LAULHE Benoit. Résistance au Pays Basque.38: LA RÉSISTANCE EN SOULE.

 LA RÉSISTANCE EN SOULE, UNION ET RIVALITÉS INTESTINES.

 

Benoit LAULHE – La Résistance au Pays Basque – Master U.P.P.A. – 2001 –

Fiche n°38.

 

 

 

LA RÉSISTANCE EN SOULE, UNION ET RIVALITÉS INTESTINES.

          Evoquer l’histoire de la Soule dans la seconde guerre mondiale revient à s’intéresser à l’une des régions les plus actives et les plus résistantes du Pays basque et du département des Basses-Pyrénées.

          Région propice à l’installation de maquis et à l’action des forces clandestines, la Soule, malgré l’importance des effectifs allemands et les tensions régnant au sein de l’A.S. ( Armée Secrète) et l’A.N. ( Armée nouvelle), a vu se développer un modèle de Résistance original, à la fois populaire et efficace.

          Enclavés entre le massif pyrénéen au sud et la ligne de démarcation à l’ouest, les habitants de cette zone souffrent d’une forte présence ennemie le long des deux lignes frontières artificielles (zone interdite sur le piémont pyrénéen et ligne de démarcation) et dans les principales villes que sont Mauléon et Tardets. Un tel déploiement de forces peut être tout d’abord justifié par les très nombreuses tentatives d’évasions à travers ces vallées montagneuses, plus accessibles que les grandes voies béarnaises. Souhaitant endiguer ce flot de départs clandestins, les Allemands installent plusieurs postes de garde en altitude et lancent régulièrement des patrouilles sur ces « sentiers de la liberté »1. Cependant, si la Wehrmacht concentre autant de détachements dans cette région, cela reste principalement à cause de la configuration du terrain dans cette partie du département. Recouvert de nombreuses forêts, très vallonné, difficile d’accès dans certaines zones au pied des Pyrénées, cet espace rural souletin rassemble en effet toutes les conditions propices à l’implantation de maquis et au développement des forces clandestines.

          Ces éléments résistants commencent concrètement à se manifester dès les premières heures de l’occupation (été 1940), en exerçant tout de suite une pression militaire sur l’ennemi qui ne cesse qu’avec son départ en 1944. Toutefois, durant ces quatre années de lutte, les opérations armées d’envergure restent malgré tout relativement rares et isolées : la peur des représailles des nazis contre les populations civiles, obligent les soldats de l’ombre à limiter leurs actions dans l’attente de conditions plus favorables. Face à ce problème, l’embryon d’armée clandestine ne peut que se préparer pour le jour J en rassemblant un maximum de forces.

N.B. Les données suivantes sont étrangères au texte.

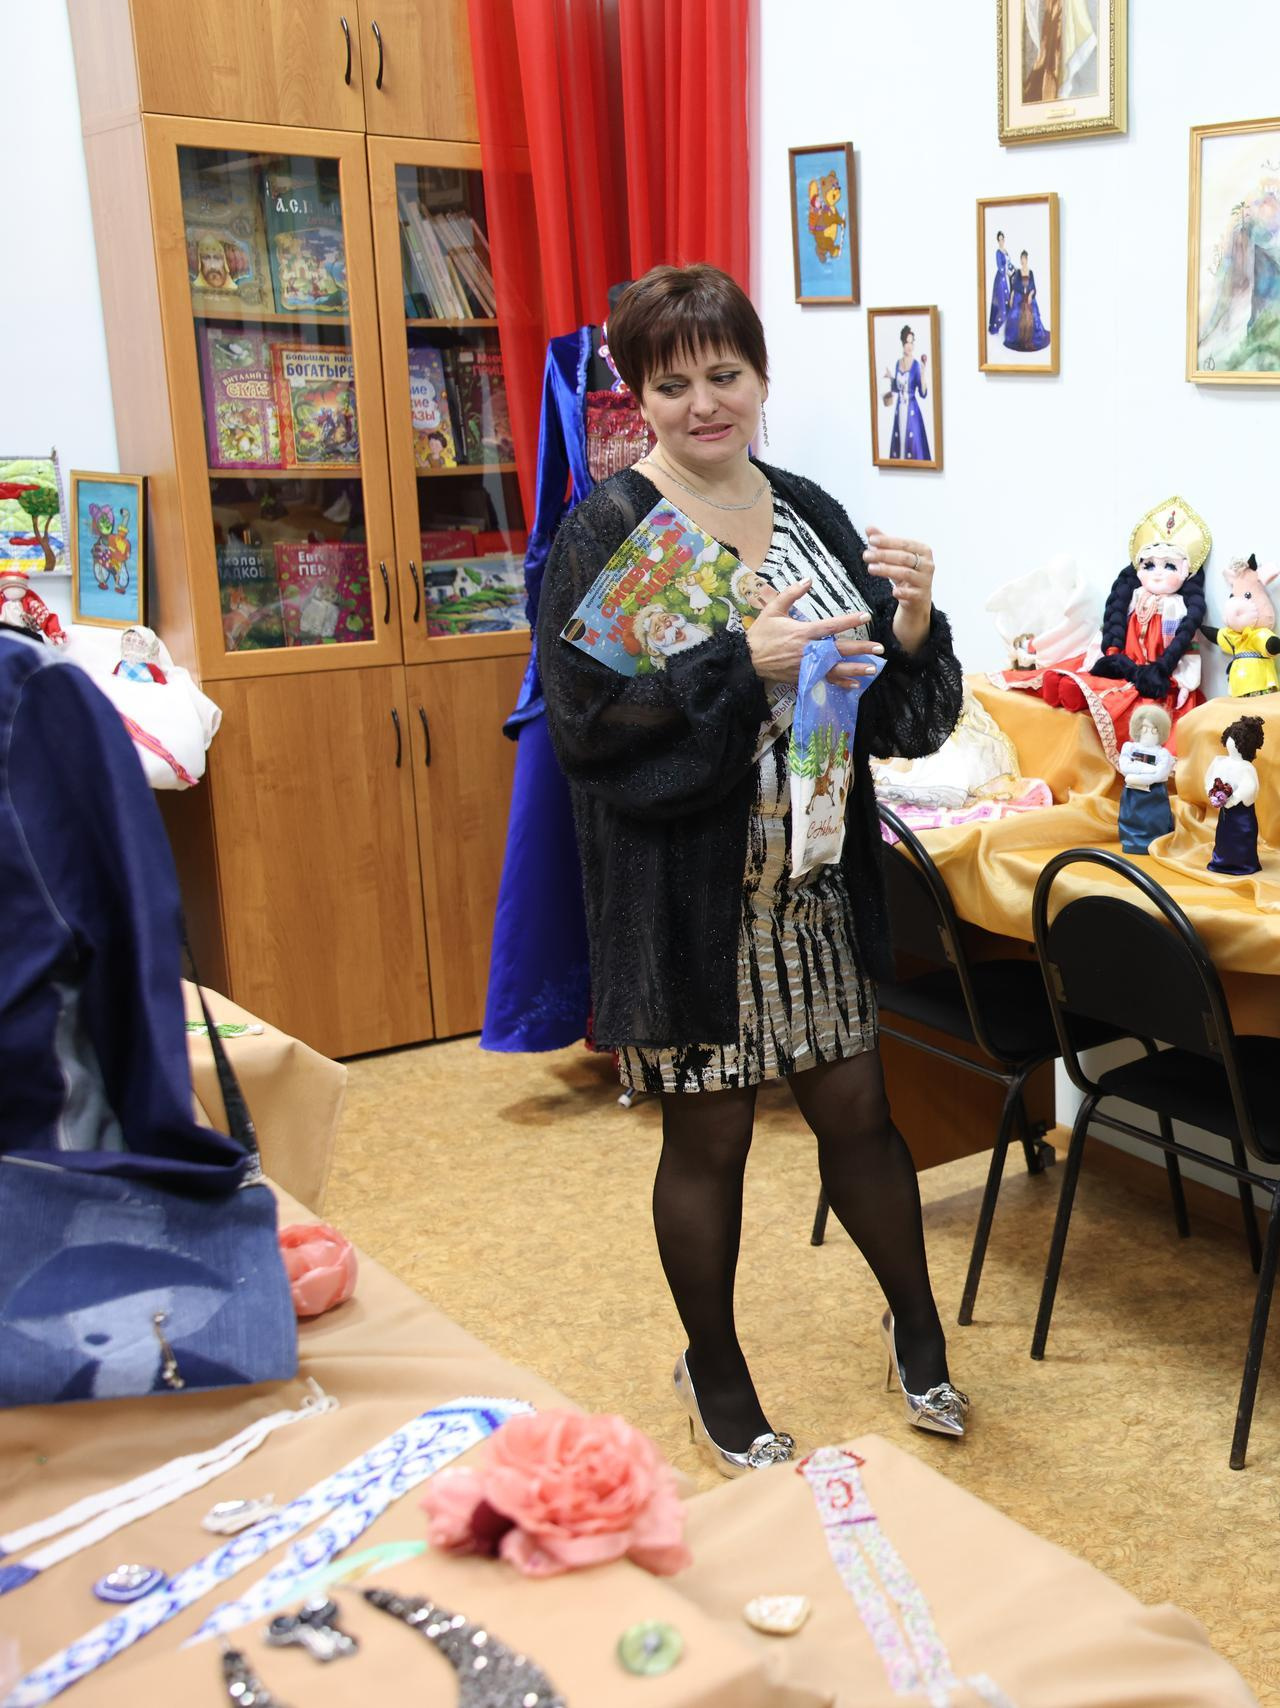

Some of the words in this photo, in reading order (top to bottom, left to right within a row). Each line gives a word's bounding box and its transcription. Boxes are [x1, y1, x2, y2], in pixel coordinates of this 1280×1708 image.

          Ces dernières sont dans un premier temps (en décembre 1941) placées sous les ordres du commandant Hegoburu, qui, en tant que responsable du secteur de Mauléon pour l’A.S. (Armée Secrète), organise des réseaux de contacts, fondements des futures organisations secrètes de résistance. En 1943, J.P. Champo est désigné pour constituer un Comité Local de Libération (C.L.L.). Mise au point en novembre après un accord entre les deux chefs, cette organisation se donne cinq principaux objectifs :

1- Assurer des liaisons avec les secteurs de Pau et Oloron,

2- Aider et faciliter les évasions par les Pyrénées,

3- Amasser puis camoufler un maximum de matériel en prévision des périodes de luttes ouvertes (deux sites de stockage sont retenus, à Chéraute chez les Chendil et à Musculdy chez les Haristoy),

4- Assurer l’assistance, le ravitaillement et la cache des nombreux réfractaires au S.T.O. (Service du Travail Obligatoire) sur trois sites : Ordiarp, Saint- Juste et Pagolle,

5- Recruter et regrouper des volontaires pour les maquis. Cette activité représente jusqu’à 1944 le premier souci des responsables locaux de la résistance.

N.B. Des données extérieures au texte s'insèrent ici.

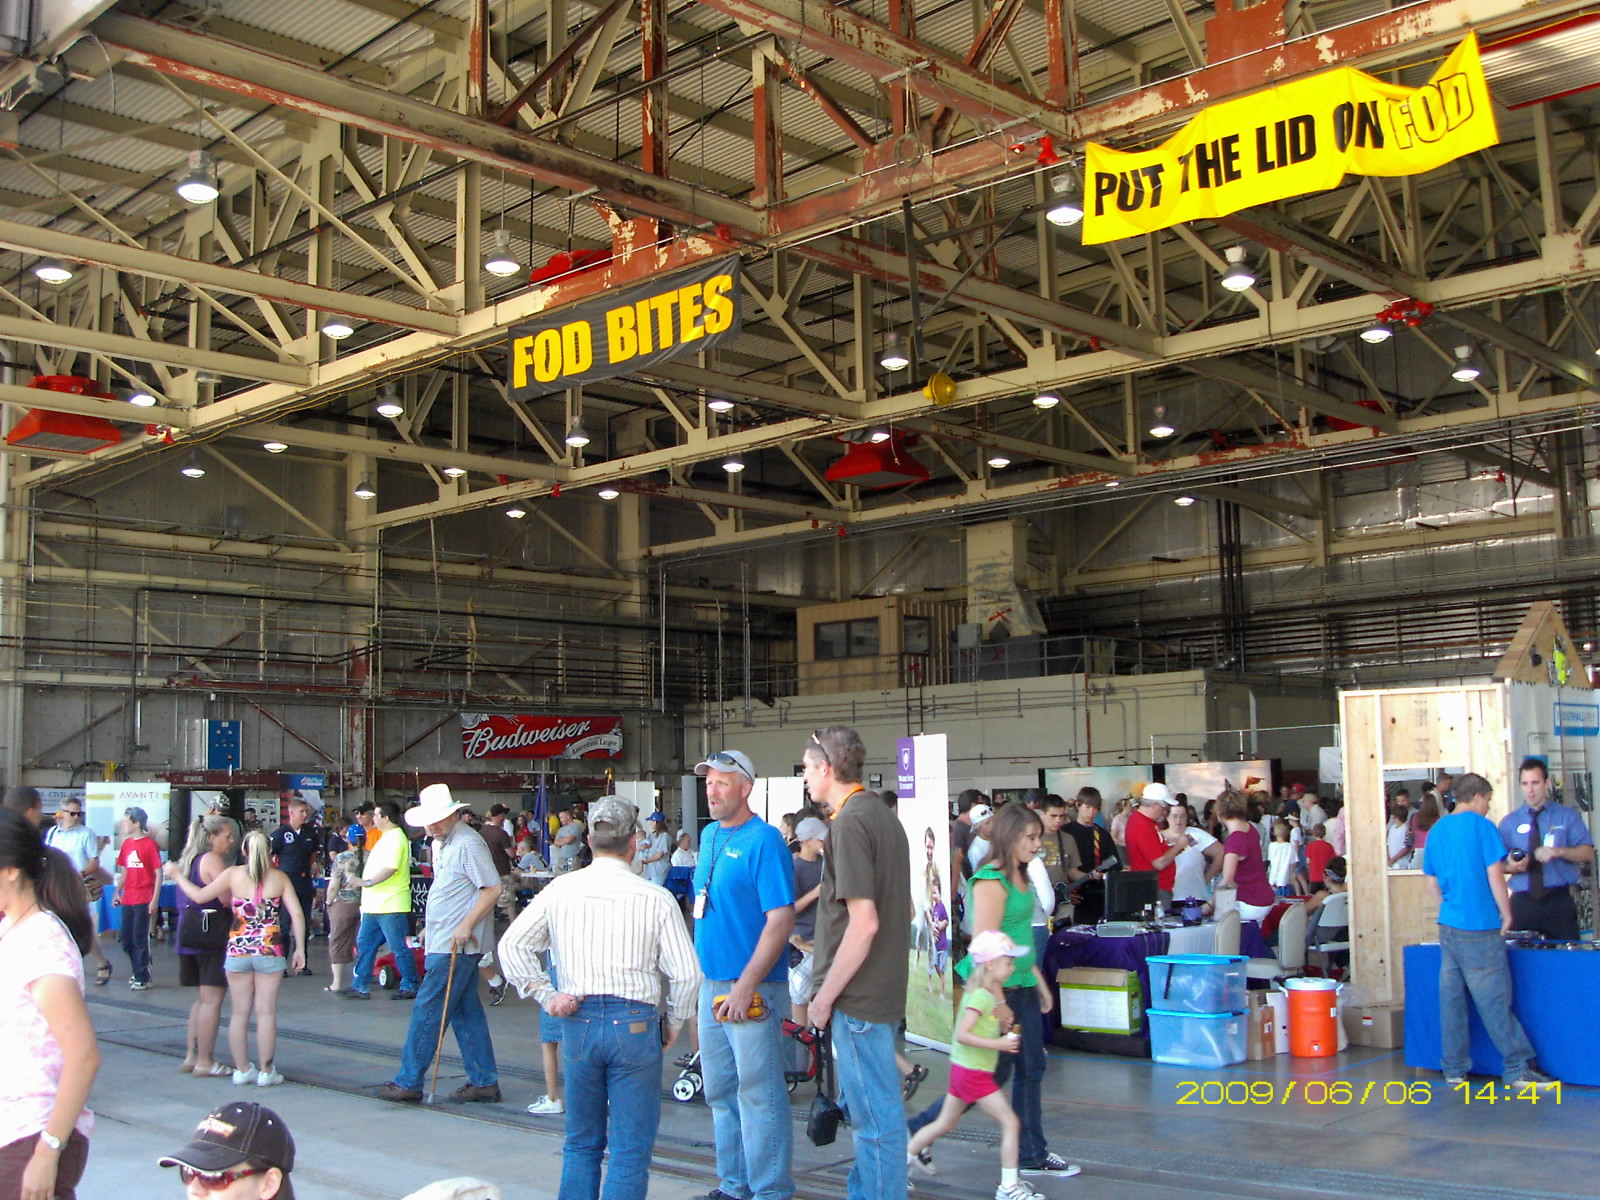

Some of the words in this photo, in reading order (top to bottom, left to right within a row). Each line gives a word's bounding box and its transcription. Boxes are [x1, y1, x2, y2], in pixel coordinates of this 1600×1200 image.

          Malgré la forte pression allemande et les nombreuses arrestations de futurs combattants, les mouvements de résistance réussissent à constituer trois maquis de tailles différentes : à Loubieng (avec seulement quatre membres), à Larceveau (avec vingt volontaires) et à Aussurucq, où cohabitent une vingtaine de résistants et quelques passeurs. Toutefois, si cette zone souletine a surtout été caractérisée par l’importance de son action résistante, elle a également été marquée par de fortes tensions et divisions au sein de ces forces patriotes.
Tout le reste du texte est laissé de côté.